Saturday, March 03, 2007

McCain or Giuliani?

For me, Giuliani's easily the better choice. I must say, though, I'm beginning to watch Obama more closely and am noting that the guy is slick. His defense of McCain after McCain's own recent "wasted lives" slipup was a savvy move.

As I read the news and blog commentaries, though, one thing I note is the oft-repeated remark that it's probably better to elect someone with executive experience as opposed to merely legislative experience. The argument is that those in the legislature, the lawmakers, deal with hypotheticals, whereas it's the executives-- the presidents, the governors, etc.-- who actually have to make things work. Governor McCain and Mayor Giuliani are, by that reckoning, likely to be better at handling political messiness than, say, Senator Clinton or Senator Obama.

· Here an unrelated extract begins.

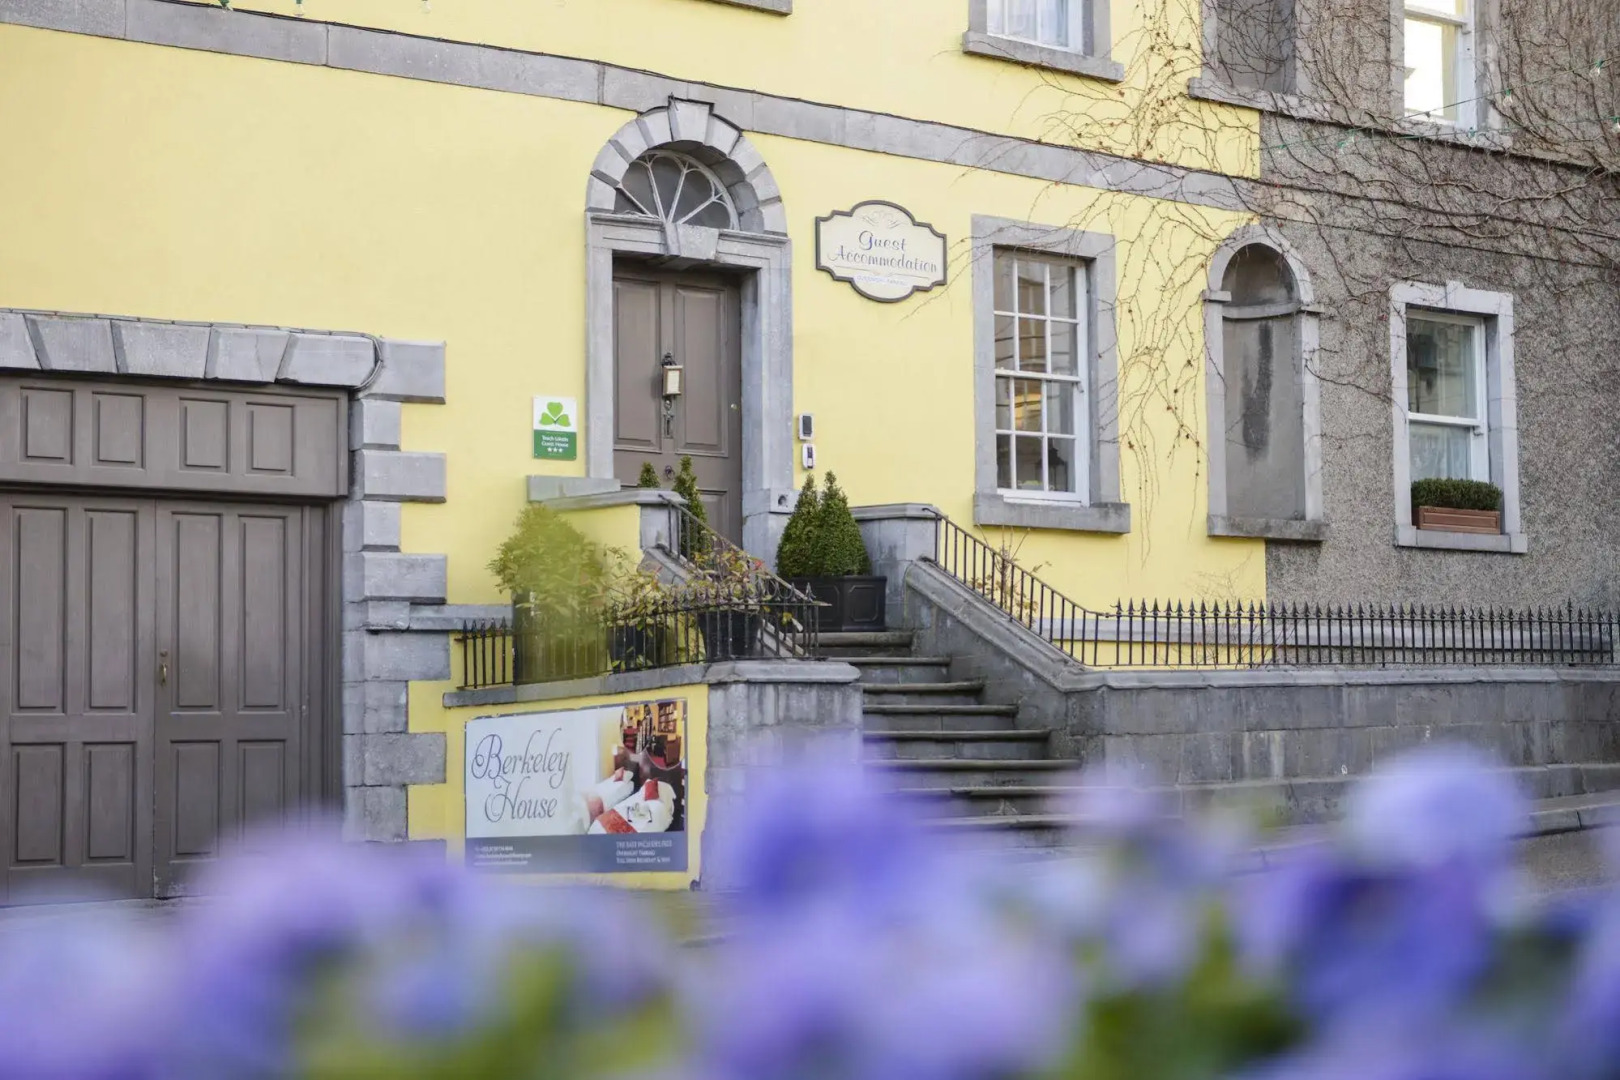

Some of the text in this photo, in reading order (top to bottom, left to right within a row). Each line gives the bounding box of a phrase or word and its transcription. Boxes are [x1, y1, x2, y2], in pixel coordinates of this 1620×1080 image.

[827, 245, 937, 273] Accommodation
[858, 230, 906, 252] Guest
[471, 728, 570, 789] Berkeley
[484, 776, 558, 823] House

[NB: My buddy Mike D. wrote in to correct me: it's Senator McCain, not Governor. What the fuck was I thinking? I should have caught this but didn't. Egg on my face. Thanks, Mike.]

Of course, you can't judge candidates by a single metric, but the executive/legislative metric is an important one. Again, I find myself wishing that Mark Warner, former governor of my home state, had decided to stay in the race; he'd have provided his fellow Democrats with better options. I'm looking for a candidate who's a good financial manager as well as fairly centrist. Virginia is a conservative state, which means that Warner often found himself in the crucible of political compromise, as I'm sure Giuliani also discovered while he was a Republian mayor of majority-Dem New York City. That sort of experience counts for something, in my book.

The way I see things right now:

McCain: Hmmm...
Giuliani: Hell, yes.
Romney: No way. Something about this man scares me.
Hillary: No.
Obama: Curiouser and curiouser. I admit I'm intrigued.
Lieberman: Yes.
Edwards: Maybe.
Gore: Hmm... maybe. (But he says he's not running.)
Nader: Heh.

Most of my enthusiasm remains for Rudy, but in a later post I hope to discuss his likely weaknesses.